Case Study ABB: The SIAM journey to global networked IT

Case Study ABB: The SIAM journey to a global networked IT.

A field report from the SIAM Body of Knowledge co-Autor

Markus Müller, Blueponte Co-Founder and Corporate Information Systems GRC Experience Manager at ABB writes about the journey to global IT at ABB. A field report by the SIAM Body of Knowledge co-author, who combines practice with theory, as we like to practice at Blueponte.

Digitale Transformation has catalyzed ways of working.

The digital transformation has catalyzed a rewrite of the rules and changes in working methods. In the last two to three years, deficiencies in consistent IT work methods have also been uncovered in Austria. These shortcomings are gradually being remedied.

Existing, “pure” agile projects are now grounded in the facts. We keep seeing DevSecOps approached like a technology project. That is not the last word, because it is more about changing the corporate culture. Tactical successes are achieved in many places, but if they are not orchestrated as part of an end-to-end solution, they can restrict the supply of IT services and create additional costs and complexity for the organization. The focus has to be bigger and this is exactly where Service Integration and Management (SIAM) offers an answer to what is often simply referred to as “digitization”. A little more than a third of the top 25 companies for 2020 in the Gartner ranking have redefined their operating models in recent years. They did this to provide the required end-to-end ability to manage distributed services. Among them is the ABB Group, which I have been accompanying on the SIAM journey for six years now.

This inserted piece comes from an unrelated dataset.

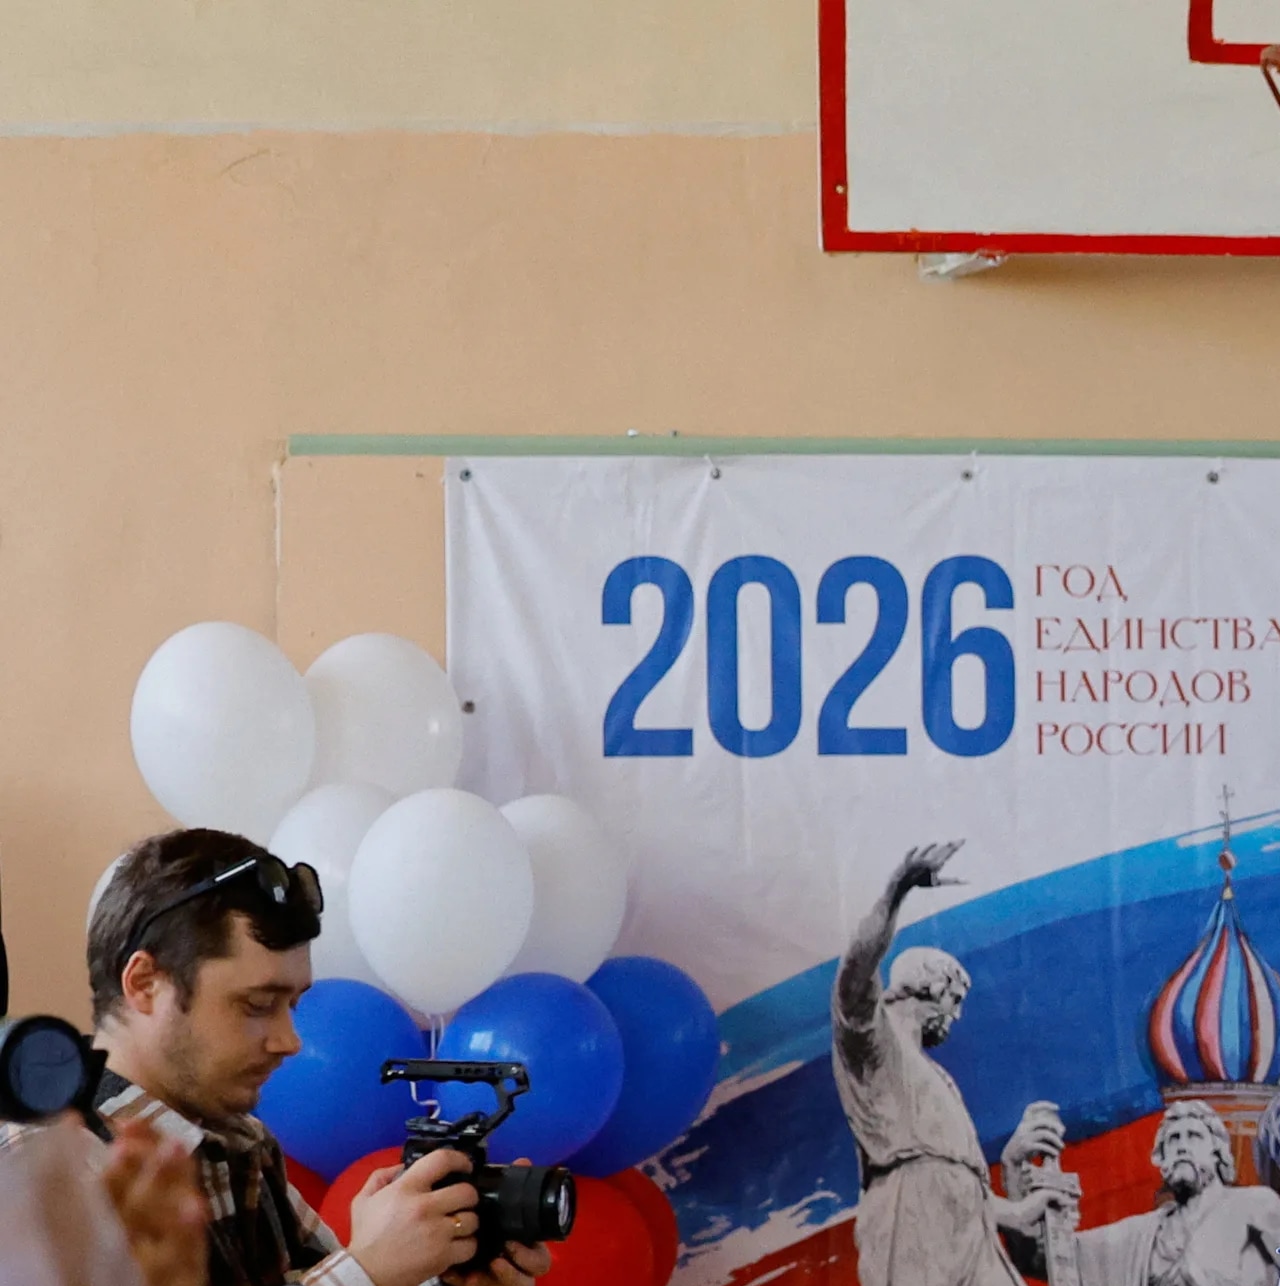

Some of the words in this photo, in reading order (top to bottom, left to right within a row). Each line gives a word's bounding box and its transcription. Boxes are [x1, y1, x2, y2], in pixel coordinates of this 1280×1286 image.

[1035, 564, 1129, 603] ГОД
[601, 555, 1016, 758] 2026
[1035, 669, 1252, 708] НАРОДОВ
[1035, 721, 1229, 757] РОССИИ

Improve collaboration between business organizations.

I focus in my work on how we can work better and how we can improve the cooperation between the different business organizations, which all have their own IT, and the global business IT organization. ABB’s IT has evolved from a centralized, more monolithic approach with a classic separation between infrastructure and applications to a flexible organization with a multi-sourcing approach and is now moving to federal governance.

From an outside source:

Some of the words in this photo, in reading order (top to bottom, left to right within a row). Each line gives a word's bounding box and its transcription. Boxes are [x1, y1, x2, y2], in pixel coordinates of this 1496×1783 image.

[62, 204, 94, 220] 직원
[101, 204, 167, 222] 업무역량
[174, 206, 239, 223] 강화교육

In retrospect, I can now ask myself what I would have done differently with today’s knowledge six years ago when I started at ABB, when I accepted the assignment to set up a global SIAM organization.

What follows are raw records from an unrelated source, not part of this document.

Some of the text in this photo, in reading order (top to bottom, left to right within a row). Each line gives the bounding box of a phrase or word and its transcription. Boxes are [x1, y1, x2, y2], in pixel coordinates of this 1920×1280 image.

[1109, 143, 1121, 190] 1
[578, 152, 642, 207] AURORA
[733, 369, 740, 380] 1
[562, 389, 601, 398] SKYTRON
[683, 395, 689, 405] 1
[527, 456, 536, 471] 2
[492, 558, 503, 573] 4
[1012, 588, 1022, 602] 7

I am very proud to have accompanied ABB on an exciting and instructive SIAM transformation journey over the past few years. And I am convinced that the company’s IT organization is perfectly positioned to take advantage of its new operating model. We built the IT organization on SIAM principles and practices, and although we are still in the transition phase, I can name several key key questions that need to be answered in order to embed the new ways of working in our daily work.

The factors of success.

The success factors include:

  1. Is there a vision for SIAM?
  2. How strong is the tower mentality or the silo thinking within the organization?
  3. Are there robust frameworks built on industry best practices?
  4. Is there enough maturity to build trusting relationships with suppliers?
  5. Does the organization value agile organizational changes?
  6. Is there a culture of collaborative thinking to drive the overall value proposition of IT?
  7. Does the organization have a history of iterative approaches to implementing SIAM competencies?
  8. What do contracts and cooperation agreements look like, is the organization used to dealing with formal guidelines?
  9. Is there a culture or ambition for what we call the end-to-end ownership mentality in SIAM?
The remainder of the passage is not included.